Information provided
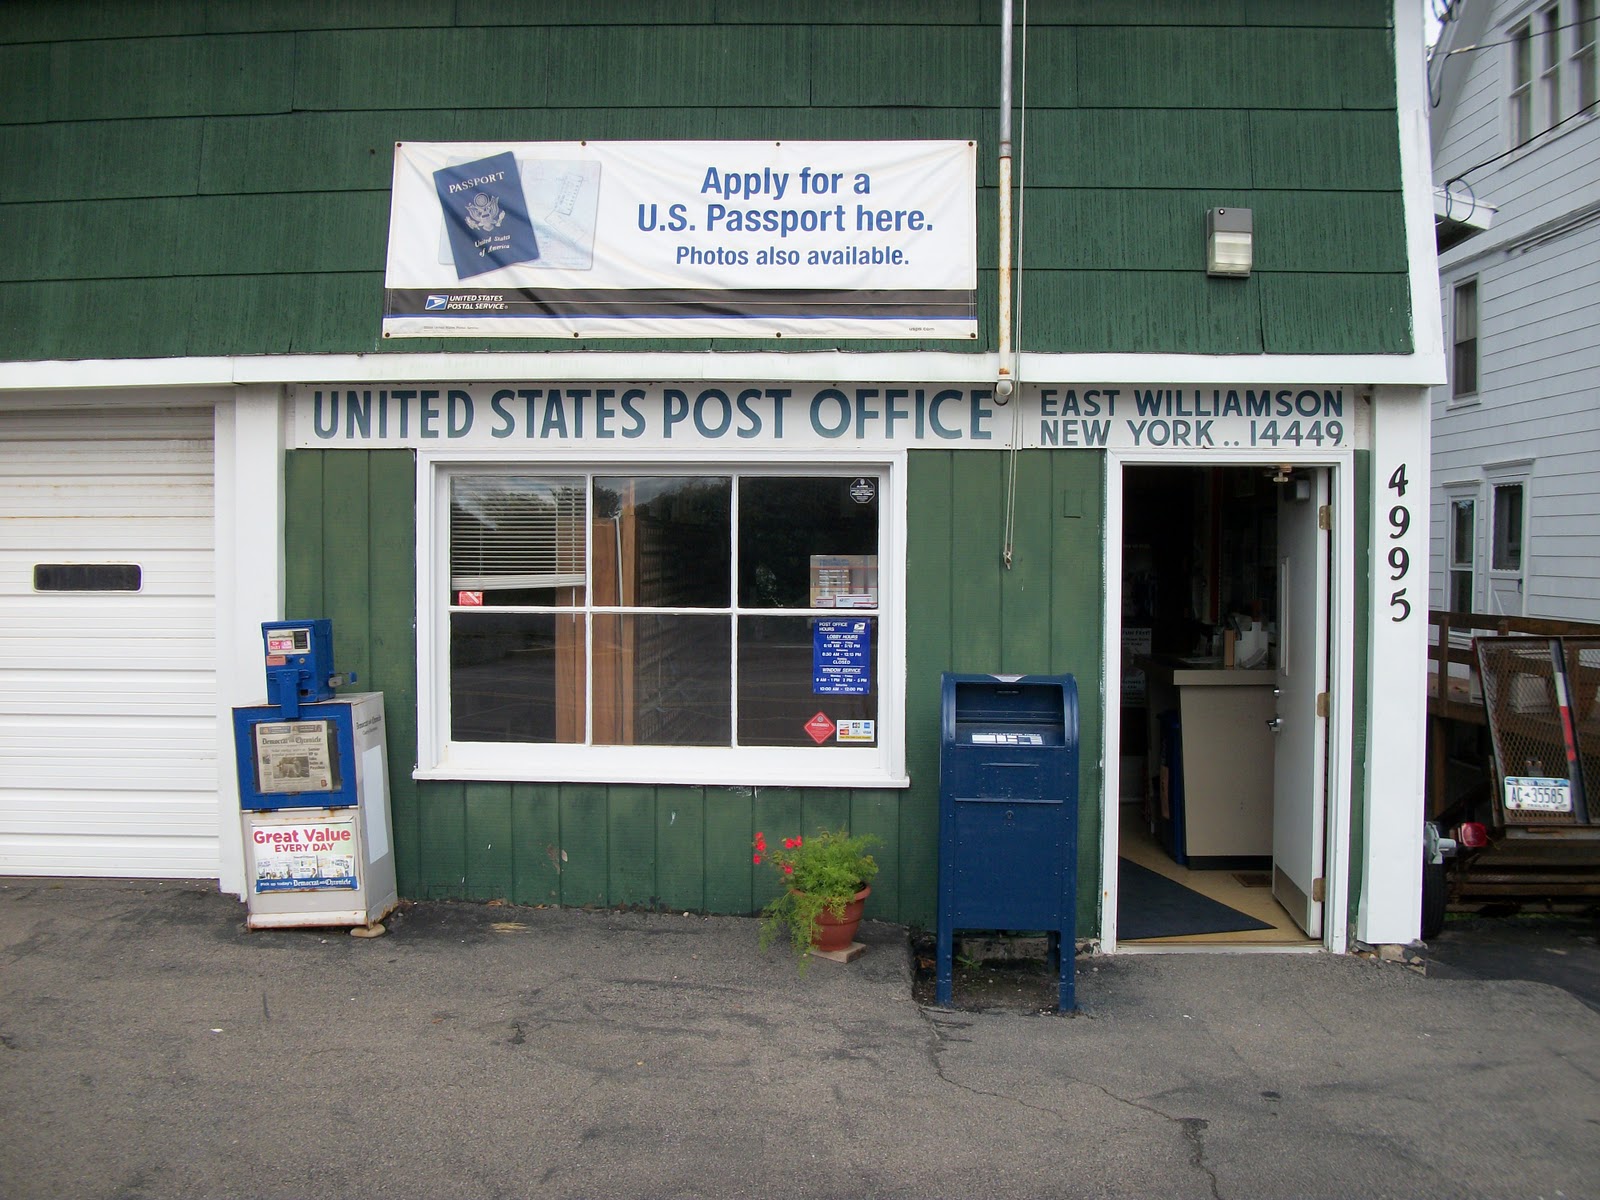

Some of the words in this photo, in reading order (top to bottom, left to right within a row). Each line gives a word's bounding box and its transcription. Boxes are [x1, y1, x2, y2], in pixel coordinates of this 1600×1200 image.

[449, 171, 505, 194] PASSPORT
[700, 166, 789, 200] Apply
[799, 166, 843, 194] for
[853, 173, 871, 194] a
[637, 203, 696, 232] U.S.
[706, 204, 845, 237] Passport
[856, 205, 934, 232] here.
[474, 235, 492, 248] United
[493, 233, 511, 243] States
[479, 247, 486, 257] of
[488, 243, 510, 254] America
[676, 246, 749, 265] Photos
[756, 246, 800, 265] also
[807, 246, 909, 265] available.
[447, 302, 473, 310] POSTAL
[448, 294, 475, 302] UNITED
[476, 294, 503, 302] STATES
[1040, 389, 1120, 417] EAST
[1134, 389, 1343, 417] WILLIAMSON
[313, 390, 475, 439] UNITED
[491, 389, 646, 439] STATES
[663, 388, 792, 439] POST
[809, 388, 993, 439] OFFICE
[1040, 419, 1111, 446] NEW
[1250, 420, 1343, 447] 14449
[1388, 463, 1411, 622] 4995
[1511, 787, 1523, 803] AC
[1531, 787, 1564, 804] 35585
[253, 829, 299, 844] Great
[303, 827, 351, 842] Value
[274, 843, 309, 853] EVERY
[312, 842, 335, 852] DAY

Aim of the exercise
All lines of the material above should be returned unchanged, but no pictures should be included.

Answer to this task
Some of the words in this photo, in reading order (top to bottom, left to right within a row). Each line gives a word's bounding box and its transcription. Boxes are [x1, y1, x2, y2], in pixel coordinates of this 1600×1200 image.

[449, 171, 505, 194] PASSPORT
[700, 166, 789, 200] Apply
[799, 166, 843, 194] for
[853, 173, 871, 194] a
[637, 203, 696, 232] U.S.
[706, 204, 845, 237] Passport
[856, 205, 934, 232] here.
[474, 235, 492, 248] United
[493, 233, 511, 243] States
[479, 247, 486, 257] of
[488, 243, 510, 254] America
[676, 246, 749, 265] Photos
[756, 246, 800, 265] also
[807, 246, 909, 265] available.
[447, 302, 473, 310] POSTAL
[448, 294, 475, 302] UNITED
[476, 294, 503, 302] STATES
[1040, 389, 1120, 417] EAST
[1134, 389, 1343, 417] WILLIAMSON
[313, 390, 475, 439] UNITED
[491, 389, 646, 439] STATES
[663, 388, 792, 439] POST
[809, 388, 993, 439] OFFICE
[1040, 419, 1111, 446] NEW
[1250, 420, 1343, 447] 14449
[1388, 463, 1411, 622] 4995
[1511, 787, 1523, 803] AC
[1531, 787, 1564, 804] 35585
[253, 829, 299, 844] Great
[303, 827, 351, 842] Value
[274, 843, 309, 853] EVERY
[312, 842, 335, 852] DAY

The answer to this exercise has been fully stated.